Interconnectivité des dépositaires centraux
La digitalisation entraîne la connectivité des acteurs des marchés, que ce soit les régulateurs ou les investisseurs, ou encore les dépositaires centraux. Une donne qui revient au fait qu’il y a de plus en plus de titres qui sont cotés dans différentes places boursières.
«L’exemple au Maroc, c’est la valeur Maroc Telecom, listée sur la place casablancaise, mais également sur la Bourse d’Euronext à Paris», fait remarquer Ferran Bernard, Directeur général à Euroclear Bank pour les Amériques, Royaume-Uni, Moyen-Orient et Afrique.
Selon lui, «dès lors que l’on parle du même titre, il est important que les dépositaires centraux, en l’occurrence Maroclear et Euroclear France, puissent communiquer entre eux, car les investisseurs sont de plus en plus amenés à faire un arbitrage. Ils achètent à Casablanca et vendent à Paris et vice versa, dans le cas de cette valeur notamment».
Pour Ferran Bernard, «le rôle du dépositaire central est important et l’interconnectivité entre dépositaires est nécessaire. Cela demande une standardisation de la messagerie, car il y a des formats ISO, tels que Swift, qui est une référence dans tout le secteur bancaire».

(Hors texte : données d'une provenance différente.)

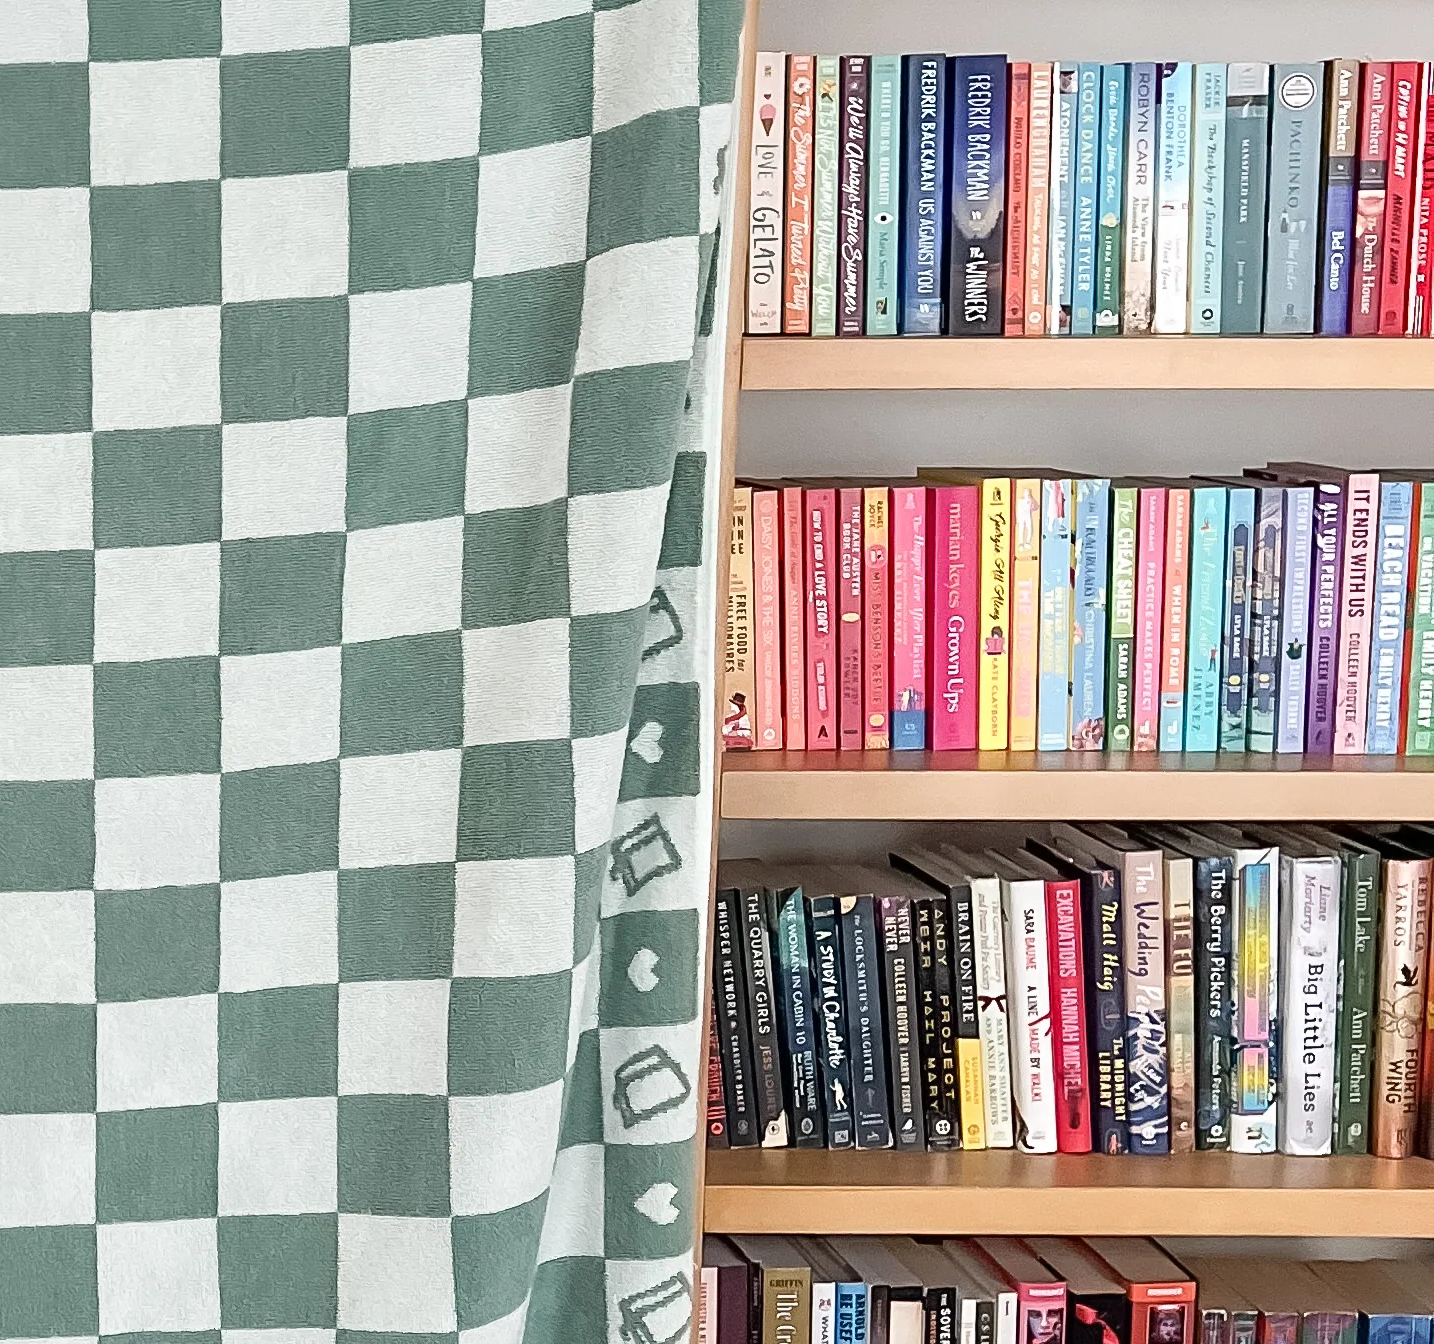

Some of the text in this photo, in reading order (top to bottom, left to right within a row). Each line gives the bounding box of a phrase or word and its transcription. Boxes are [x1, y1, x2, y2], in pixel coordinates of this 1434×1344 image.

[920, 61, 936, 191] FREDRIK BACKMAN
[967, 75, 991, 200] FREDRIK BACKMAN
[1136, 72, 1150, 185] ROBYN CARR
[1165, 92, 1174, 181] BENTON FRANK
[1177, 105, 1186, 168] DOROTHEA
[1336, 70, 1352, 150] Ann Patchett
[1369, 73, 1385, 154] Ann Patchett
[756, 144, 777, 180] LOVE
[1079, 72, 1095, 291] CLOCK DANCE ANNE TYLER
[1288, 120, 1303, 208] PACHINKO
[786, 96, 811, 311] The Summer I Turned Pretty
[842, 97, 863, 314] We'll Always Have Summer
[752, 207, 779, 285] GELATO
[918, 198, 935, 293] US AGAINST YOU
[1329, 231, 1344, 290] Bel Canto
[843, 523, 851, 578] BOOK CLUB
[852, 506, 860, 525] THE
[1349, 489, 1370, 617] IT ENDS WITH US
[851, 557, 859, 595] AUSTEN
[943, 504, 965, 608] marian keyes
[1116, 500, 1132, 625] The CHEAT SHEET
[1319, 503, 1337, 628] ALL YOUR PERFECTS
[1379, 524, 1404, 641] BEACH READ
[737, 594, 746, 622] FREE
[737, 626, 747, 654] FOOD
[1142, 562, 1155, 711] PRACTICE MAKES PERFECT
[1168, 585, 1181, 685] WHEN IN ROME
[943, 616, 964, 713] Grown Ups
[1116, 644, 1128, 719] SARAH ADAMS
[1316, 636, 1329, 722] COLLEEN HOOVER
[1346, 633, 1360, 722] COLLEEN HOOVER
[1376, 648, 1394, 727] EMILY HENRY
[787, 899, 797, 922] THE
[886, 917, 898, 951] NEVER
[898, 908, 909, 943] NEVER
[1024, 909, 1036, 971] SARA BAUME
[1056, 889, 1076, 977] EXCAVATIONS
[1303, 875, 1316, 933] Moriarty
[1319, 885, 1330, 921] Liane
[1355, 877, 1372, 952] Tom Lake
[1394, 884, 1408, 947] YARROS
[1415, 877, 1427, 953] REBECCA
[718, 901, 737, 1017] WHISPER NETWORK
[747, 894, 770, 1034] THE QUARRY GIRLS
[788, 924, 799, 972] WOMAN
[792, 976, 801, 988] IN
[957, 902, 974, 1022] BRAIN ON FIRE
[1097, 902, 1118, 991] Matt Haig
[1206, 869, 1225, 1018] The Berry Pickers
[793, 991, 804, 1027] CABIN
[795, 1031, 806, 1044] 10
[816, 931, 845, 1068] A STUDY IN Charlotte
[894, 958, 910, 1044] COLLEEN HOOVER
[919, 910, 939, 1111] WEIR HAIL MARY
[935, 910, 955, 1100] ANDY PROJECT
[1304, 964, 1324, 1112] Big Little Lies
[760, 1045, 773, 1070] JESS
[803, 1051, 817, 1111] RUTH WARE
[1099, 1052, 1111, 1107] LIBRARY
[1115, 1059, 1125, 1121] MIDNIGHT
[1350, 1008, 1366, 1103] Ann Patchett
[1386, 1060, 1403, 1104] WING
[1404, 1049, 1418, 1113] FOURTH
[776, 1293, 798, 1320] The
[820, 1316, 828, 1344] WHAT
[840, 1294, 852, 1308] BE
[854, 1294, 865, 1340] ARNOLD

Cette interconnectivité est en lien avec l’impact des nouvelles technologies qui ont émergé au cours de ces dernières années et qui commencent à être de plus en plus adoptées par les places internationales. Des nouveautés qu’il faudrait, d’après les experts, adopter progressivement au regard des risques qu’elles comportent.
«Il y a beaucoup de gestation, surtout en ce qui concerne la partie Blockchain, la Distributed Ledger Technologie (DLT). Elle a été jusqu’ici testée dans un petit environnement. La Blockhain pourrait apporter un effet centralisateur, qui permet de pouvoir centraliser sous le même Ledger, autrement dit sous le même registre, toutes les transactions en lien avec le même titre. C’est une donnée qu’on étudie énormément en tant que dépositaire, car il y a un risque de déploiement de manière plus élargie», fait savoir Ferran Bernard.
C’est pour cela, ajoute-t-il, que «nous restons attentifs sur le déroulement de cette expérience ailleurs. La Bourse de l’Australie a éprouvé son souhait de le déployer, et cela devrait être une bonne expérience et une bonne base d’analyse, car elle est importante en termes de volumes. Si ça marche là-bas, ça ira ailleurs aussi, et d’autres Bourses adopteront le même système par la suite». ◆
Encadré : Le Maroc, deuxième pays africain à accueillir le WFC
Ce Forum, qui se tient tous les deux ans, constitue l’occasion idéale pour les principaux dépositaires centraux du monde de discuter de l’actualité et des pratiques du secteur et de questions d’intérêt commun. Il s’agit aussi d’échanger sur les expériences propres à chaque dépositaire, afin d’en faire bénéficier leurs homologues. Notons que c’est la première fois que le WFC est organisé au Maroc, qui devient le second pays du continent après l’Afrique du Sud à recevoir cet événement de référence. Il réunit les principaux dépositaires centraux du monde sur pas moins d’une vingtaine de panels. Ce rendez-vous international comprend un important programme de rencontres.
Pour rappel, la Fédération mondiale des CSD (WFC) est composée de cinq associations régionales de CSD : Asia Pacific CSD Group (ACG), Americas Central Securities Depositories Association (ACSDA), Association of Eurasian Central Securities Depositories (AECSD), Africa and Middle East Depositories Association (AMEDA) et European Central Securities Depositories Association (ECSDA). Les associations rassemblent environ 135 membres.